Sinners, be careful with these riches, be careful with these pleasures. These real and illusory things that your hearts are set on won't just weigh you down and prevent you from ascending to heaven, they'll also block your view of heaven. They might seem like bright clouds, but even a bright cloud can block out the sun just as well as a dark one.
2. The world also deadens our senses; we can't see or feel. Those who are drunk on worldly vanities can't see the excellence of Christ or feel their need for him. Those who live only by their senses are insensitive to anything but the present. They can manage to live without Christ; the less of Christ, the better for them. Christ and the things of Christ are the only things that get in their way; they lead to poverty, not wealth, to shame and disgrace, not honor. They can do without Christ while they live, but they don't consider what need they might have of him after this life. They're so busy with what they have here and now that they don't look as far as the grave, let alone beyond it.
It's hard to reach such hearts, especially when they're alone, away from the world. And how long might we have to wait for such a moment? We find them in a crowd, among their worldly friends and companions, among their sheep or oxen, or enjoying their pleasures, and the noise of all this drowns out anything we might say. It's as likely to make an impression as a rain shower on a stone. Shout "Fire, fire!" in their ears, throw death and hell in their faces, and it doesn't even move them enough to ask, "What can I do to escape?"
We'll never come to Christ until we see that we need him, and we'll never see our need for Christ until we have time away from the hustle and bustle of the world to sit down and think.
How rarely do worldly hearts ask, "What use is there for Christ? Why did he come? What would we lack if there were no Christ?" If God hadn't spared his Son but had given him as a ransom for the world, it would have made no difference to them. They could have lived just as happily and abundantly here anyway, and that's all they care about.
Or if they have any sense of their need for Christ at all, it's so small that it won't persuade them to seek him. The wound isn't deep enough; just the name of a Savior is enough to cover it over. It rarely rises to the level of prompting such a serious question as, "What can I do to make Christ mine?"

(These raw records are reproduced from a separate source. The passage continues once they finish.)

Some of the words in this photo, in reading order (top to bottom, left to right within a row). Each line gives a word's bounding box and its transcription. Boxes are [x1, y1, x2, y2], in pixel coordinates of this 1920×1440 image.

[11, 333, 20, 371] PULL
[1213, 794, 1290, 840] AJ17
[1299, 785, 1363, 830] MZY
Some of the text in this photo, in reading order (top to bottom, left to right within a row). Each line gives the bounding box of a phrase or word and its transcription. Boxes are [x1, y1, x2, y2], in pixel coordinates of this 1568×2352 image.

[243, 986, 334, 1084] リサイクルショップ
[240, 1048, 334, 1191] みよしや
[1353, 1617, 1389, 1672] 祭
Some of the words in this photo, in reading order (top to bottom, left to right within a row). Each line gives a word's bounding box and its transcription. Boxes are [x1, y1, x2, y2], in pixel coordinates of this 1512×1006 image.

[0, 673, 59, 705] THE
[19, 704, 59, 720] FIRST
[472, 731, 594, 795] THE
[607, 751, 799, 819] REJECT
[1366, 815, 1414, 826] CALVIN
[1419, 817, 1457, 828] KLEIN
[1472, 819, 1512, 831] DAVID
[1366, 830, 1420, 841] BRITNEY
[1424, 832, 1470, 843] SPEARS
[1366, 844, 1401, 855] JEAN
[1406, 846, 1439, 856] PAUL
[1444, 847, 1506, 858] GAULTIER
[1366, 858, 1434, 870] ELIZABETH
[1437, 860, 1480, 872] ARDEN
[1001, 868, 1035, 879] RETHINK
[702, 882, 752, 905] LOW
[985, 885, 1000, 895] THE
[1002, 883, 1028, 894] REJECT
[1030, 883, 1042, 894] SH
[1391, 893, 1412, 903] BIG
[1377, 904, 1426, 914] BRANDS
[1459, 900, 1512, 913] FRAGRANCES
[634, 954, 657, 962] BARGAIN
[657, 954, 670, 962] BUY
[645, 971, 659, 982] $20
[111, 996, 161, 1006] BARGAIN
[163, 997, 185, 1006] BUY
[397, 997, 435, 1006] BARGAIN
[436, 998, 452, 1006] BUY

How many houses, markets, shops, and companies might we enter before we hear such a question?
Go into a field where people are busy plowing, sowing, or reaping, and you might hear them asking, "How can I keep the birds away? How can I keep the animals from damaging my field? When will it rain? When will the weather be fair?" Go into a market where people are buying, selling, and trading, and you might hear them asking, "What's the price of corn or cattle? Where are the best goods? Where's the best selection?" Go into houses where people are eating, drinking, or working, and you might hear them asking, "What will we have for the next meal? What about tomorrow?" But oh, how rarely do we hear among them all any questions like, "How is my soul provided for? How is my soul doing?" No, when the world has taken over the heart, there's no concern for the soul. When the world is in the heart, death and hell can be there too, and no one notices.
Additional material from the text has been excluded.